FORMULATION AND EVALUATION OF PROBIOTIC TABLETS CONTAINING ANTI-INFLAMMATORY DRUGHTML Full Text
FORMULATION AND EVALUATION OF PROBIOTIC TABLETS CONTAINING ANTI-INFLAMMATORY DRUG
K. D. Lone*1 and J. A. Dhole 2
JSPM’s Rajarshi Shahu College of Pharmacy and Research 1, Tathawade, Pune, Maharashtra, India
Department of Botany, Yeshwant Mahavidyalaya 2, Nanded, Maharashtra, India
The aim of present study was to formulate and evaluate probiotic tablets containing anti-inflammatory drug Mesalazine. Matrix tablets were prepared using Sodium alginate and Hydroxypropylmethylcellulose acetate succinate (HPMCAS) as matrix forming components, with three different combinations by wet granulation method. The granules were evaluated for angle of repose, bulk density, tapped density, compressibility index and Hausners ratio. The tablets were subjected to weight variation, hardness, friability and drug content test and invitro release studies. Additionally the tablets were tested for contents of viable cell counts of probiotic lactobacilli using standard plate count (SPC) method. Invitro release studies revealed that all formulations qualified both stages for release of the drug i.e. acid stage and buffer stage 1. The release profiles were affected by variable concentrations of sodium alginate when combined with HPMC-AS. The combination at 1:2 (SA2) prevented the escape of both actives more effectively than the other two formulations at all the three stages of dissolution test. A few numbers of bacterial cells were lost in acid stage as well as in the subsequent buffer stage1. However, at the end of buffer stage 2 the viable cell count for L .acidophilus, were found to be 9 × 109 CFU. The combinations of HPMCAS (HF) and sodium alginate together increased acid tolerance of probiotic lactobacilli strain added in matrix tablets.

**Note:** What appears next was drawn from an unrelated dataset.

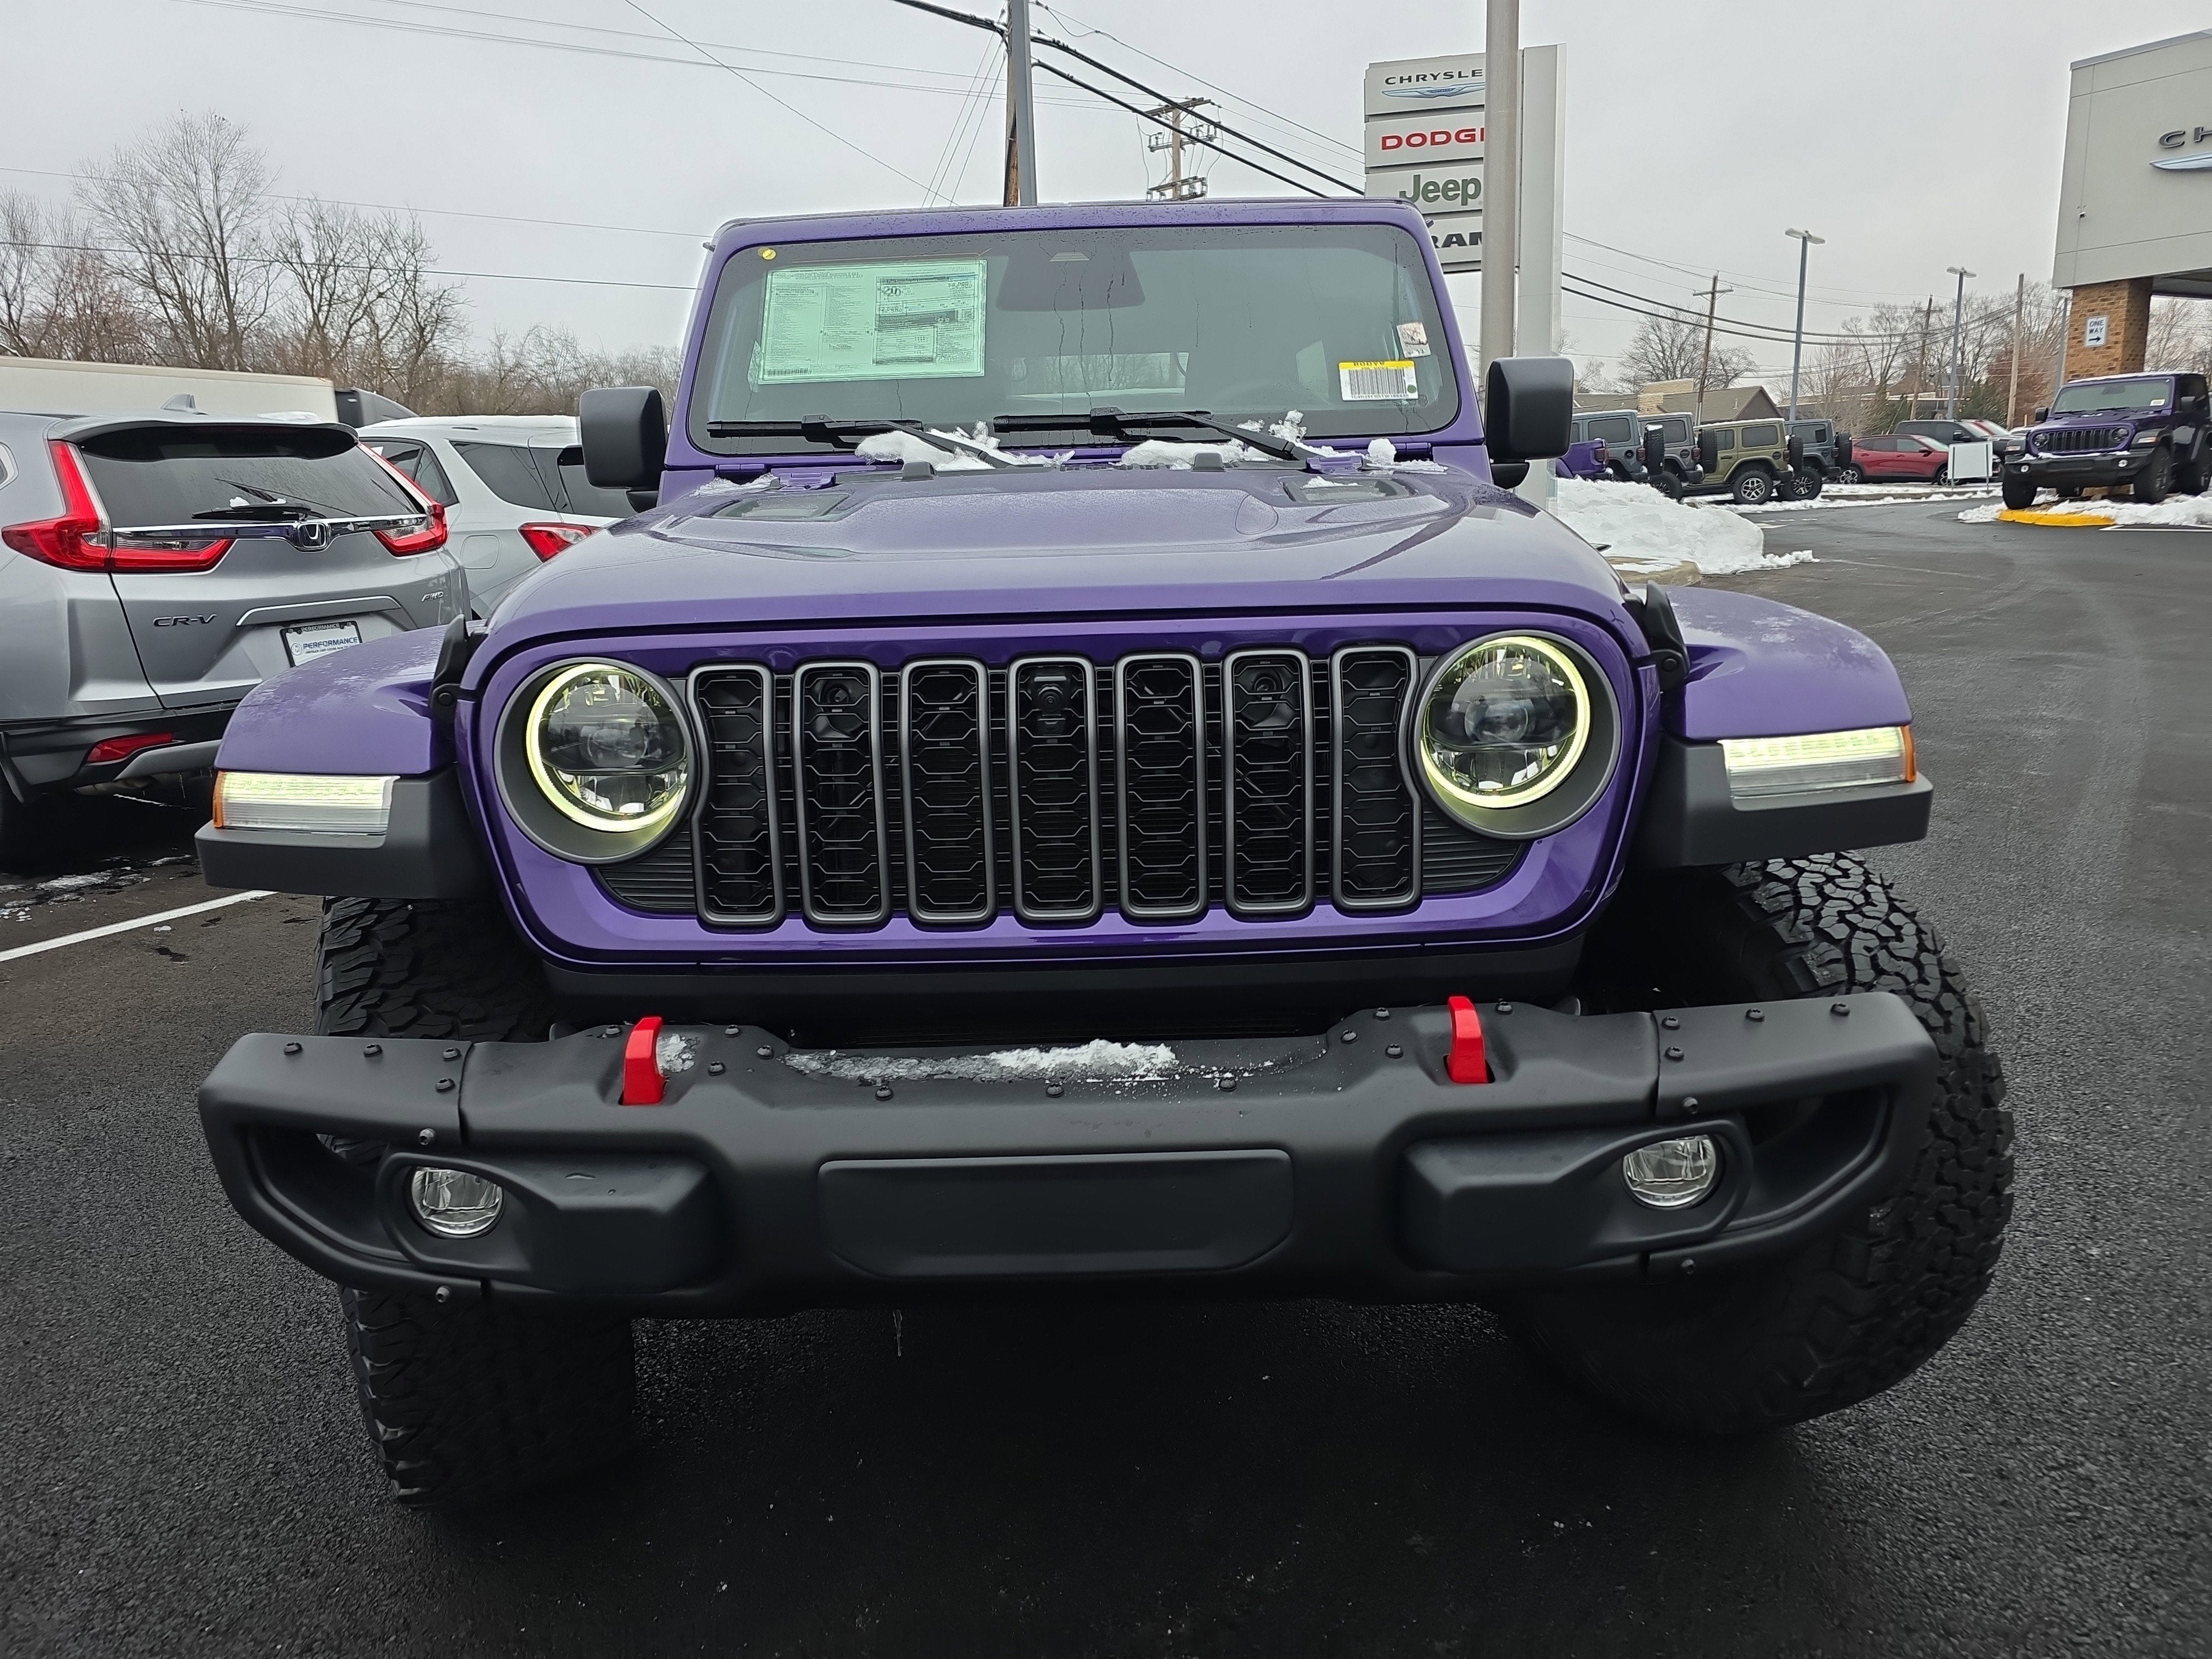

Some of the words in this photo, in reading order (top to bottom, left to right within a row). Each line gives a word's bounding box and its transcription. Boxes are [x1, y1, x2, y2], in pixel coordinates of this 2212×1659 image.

Mesalazine, Probiotics, Ulcerative colitis, Matrix tablets
INTRODUCTION:Ulcerative colitis is a chronic inflammation of the large intestine (colon). It is a disease that causes inflammation and sores, called ulcers, in the lining of the rectum and colon 1. The fetus in uterus is sterile, but on passage through the vagina during birth, it acquires microorganisms. These are rapidly added after birth and the newborn acquires its own gut microflora.
Up to 500 species of bacteria may be present in the adult human large intestine and it has been estimated that bacteria accounts for 35–50% of the volume content of the human colon 2.
The stable flora, which develops in the intestine, helps the host to resist infections, particularly in the gastrointestinal tract. The balance between “Good bacteria” and “Bad bacteria” is called as “Eubiosis” and when this balance is disturbed it is called as “Dysbiosis”. The administration of probioitc products maintains the “Eubiosis” condition 3.
Probiotics is a live digestible bacterial food supplement, which beneficially affects the host by improving the intestinal microbial balance or by restoring the disturbed microbial balance 4, 5.
Presence of condition like Inflammatory Bowel Disease (Ulcerative Colitis) is one of the major reasons for disturbing microbial balance in colon. Mesalazine is considered to be the “Gold standard” drug for treatment of ulcerative colitis. The colon specific drug delivery is greatly influenced by presence of microbial flora in the intestine; hence we can’t neglect the condition of dysbiosis prevailing during the IBDS including ulcerative colitis 6. Mesalazine is available as delayed released tablets, controlled released capsules, enteric coated tablets for oral use and rectal suppositories, enema suspension for rectal use. While probiotic bacterial preparations are available in various food products and as yogurt containing more than 10 million viable lactic acid bacteria.
In the present study an attempt has been made to combine these two very useful therapeutic agents for treatment of IBDs especially ulcerative colitis.
MATERIALS AND METHODS:
Materials: Mesalazine was Kind gift from Sarex pharma Mumbai India. HPMC-AS, and Povidone (PVP-K30) gifted by Signet chemical corporation, Mumbai. Sodium alginate was kindly supplied by Alembic Pharmaceuticals Ltd. Baroda. MRS broth (M369) & lyophilized powder of lactic acid bacteria strain (LAB) Lactobacillus acidophilus procured from High Media Labs Mumbai. Talc and Magnesium stearate were procured from Emcure House M.I.D.C. Pune. All other chemicals and reagents used were of analytical grade.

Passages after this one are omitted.